Image-backed grounding data:
Content starts

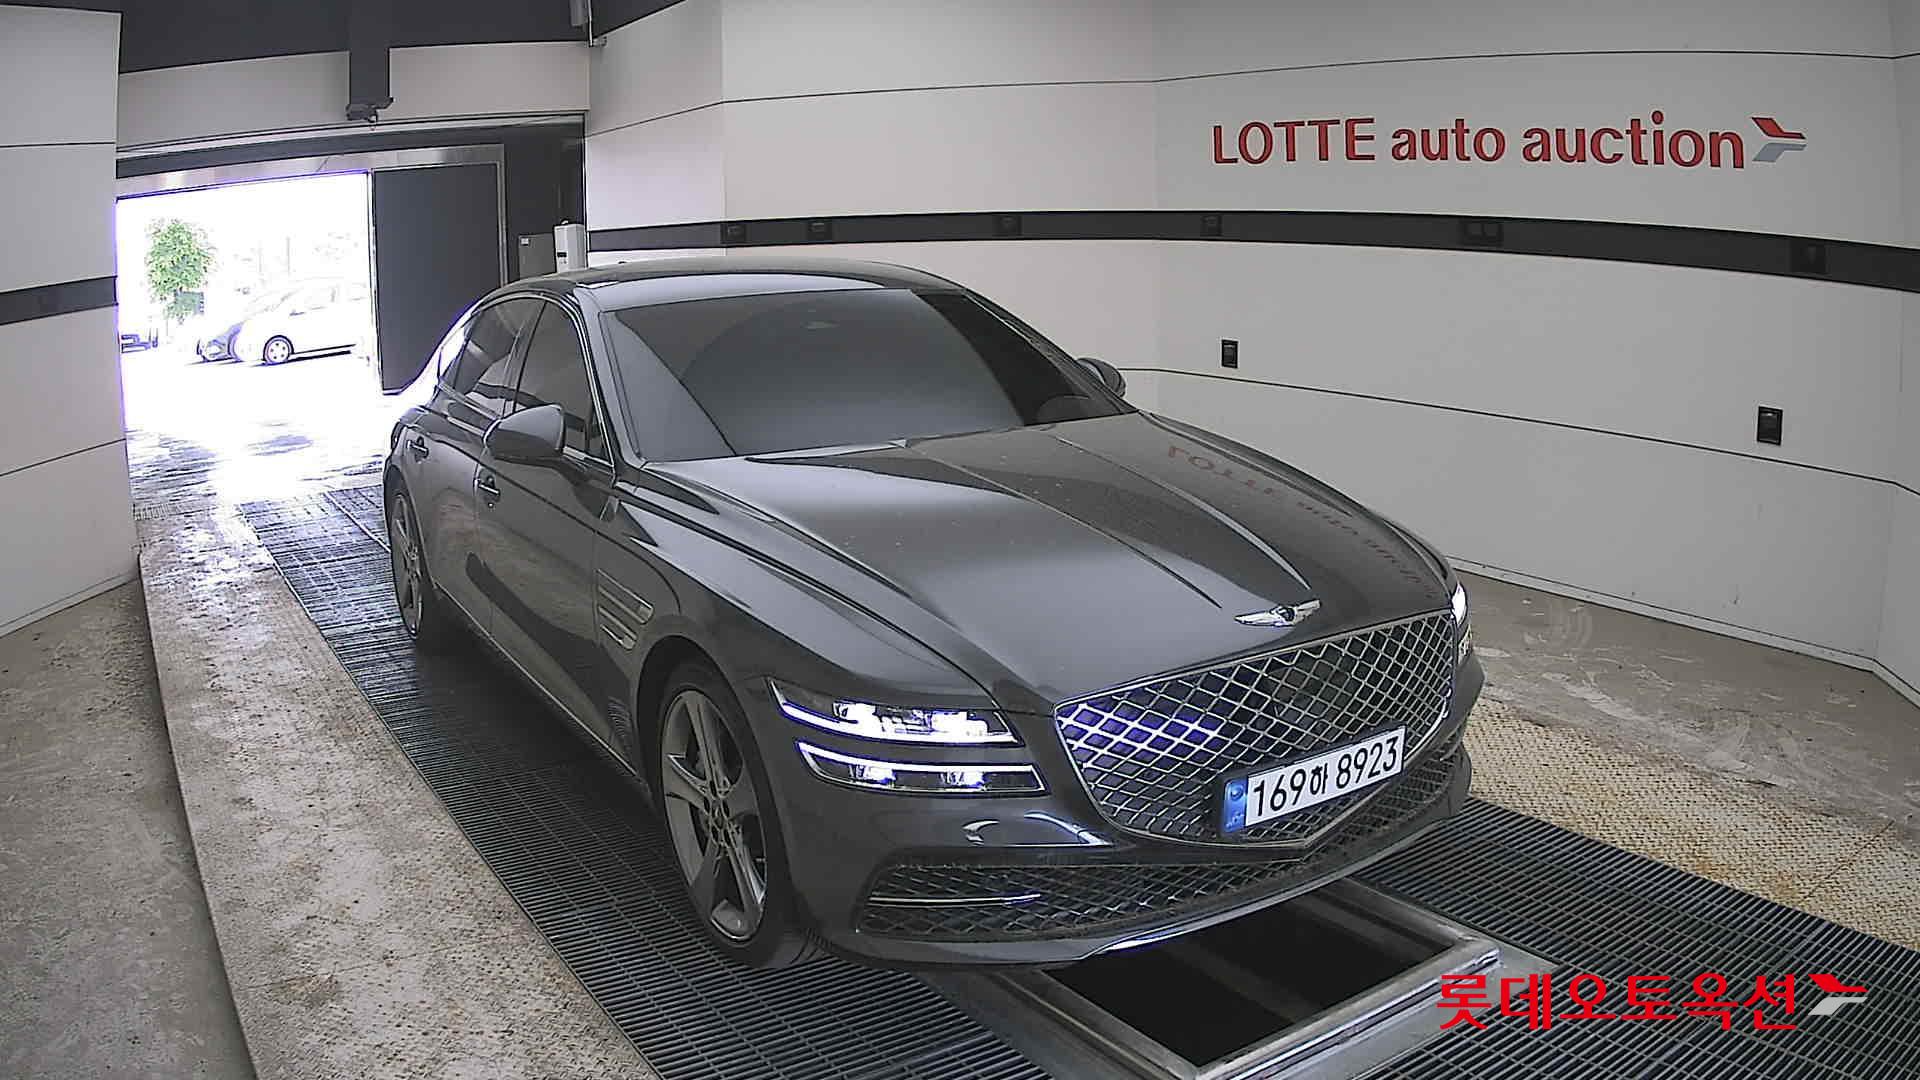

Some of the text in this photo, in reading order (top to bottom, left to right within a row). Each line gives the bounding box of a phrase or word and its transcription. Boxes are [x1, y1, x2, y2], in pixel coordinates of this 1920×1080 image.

[1213, 110, 1745, 169] LOTTE auto auction
[1253, 736, 1400, 817] 169하 8923
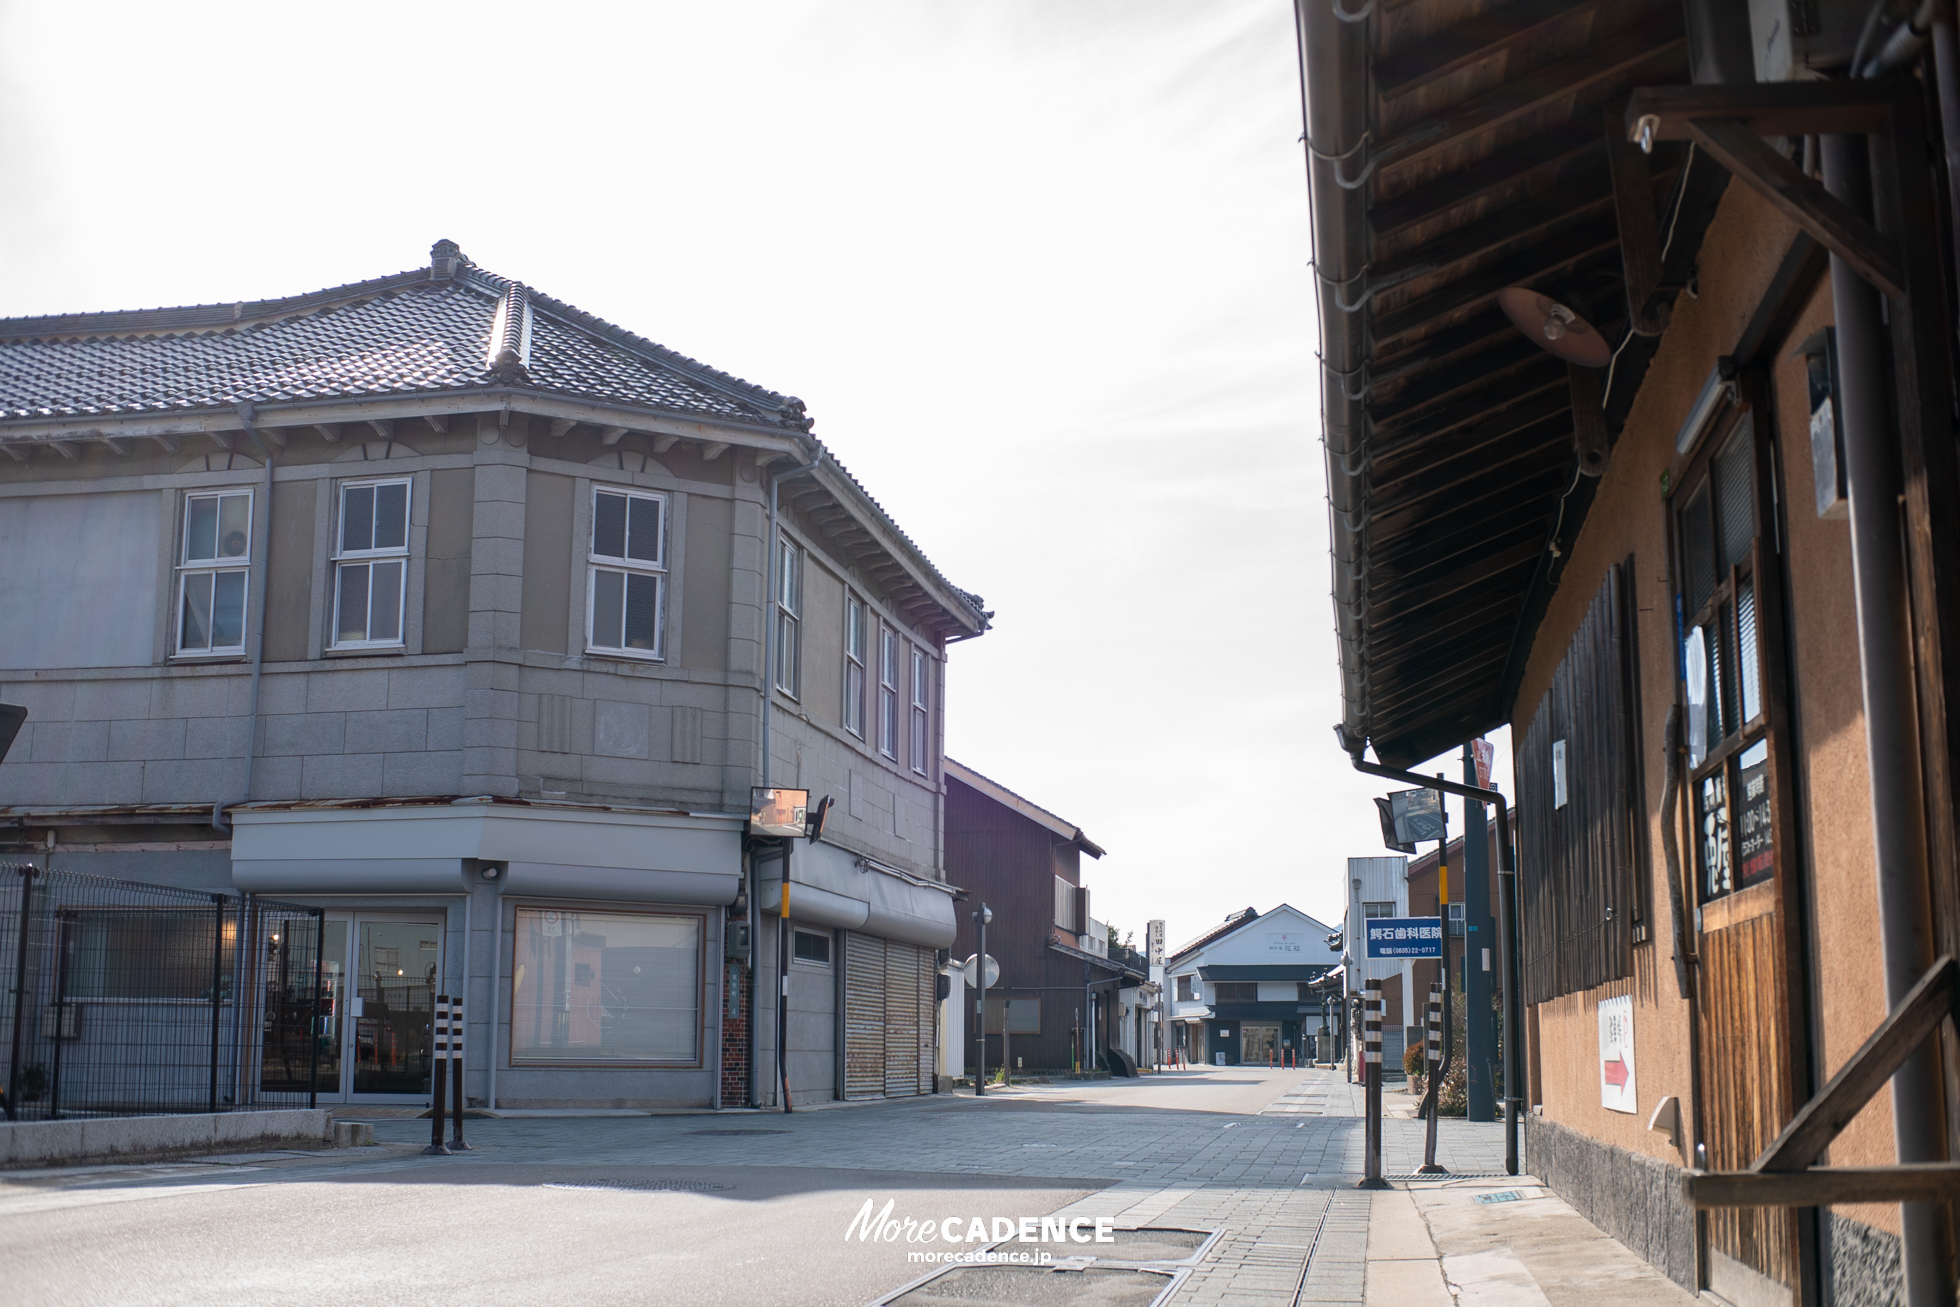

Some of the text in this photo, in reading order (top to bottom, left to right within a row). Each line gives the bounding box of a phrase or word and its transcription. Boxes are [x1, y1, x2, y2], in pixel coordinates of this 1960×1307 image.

[1370, 926, 1442, 940] 鰐石歯科医院
[1155, 938, 1163, 966] 田中屋

Content ends

- Task to complete -
A word-for-word retyping of every record is required, without the pictures.

- Your response -
Some of the text in this photo, in reading order (top to bottom, left to right within a row). Each line gives the bounding box of a phrase or word and its transcription. Boxes are [x1, y1, x2, y2], in pixel coordinates of this 1920×1080 image.

[1213, 110, 1745, 169] LOTTE auto auction
[1253, 736, 1400, 817] 169하 8923

Some of the text in this photo, in reading order (top to bottom, left to right within a row). Each line gives the bounding box of a phrase or word and its transcription. Boxes are [x1, y1, x2, y2], in pixel coordinates of this 1960×1307 image.

[1370, 926, 1442, 940] 鰐石歯科医院
[1155, 938, 1163, 966] 田中屋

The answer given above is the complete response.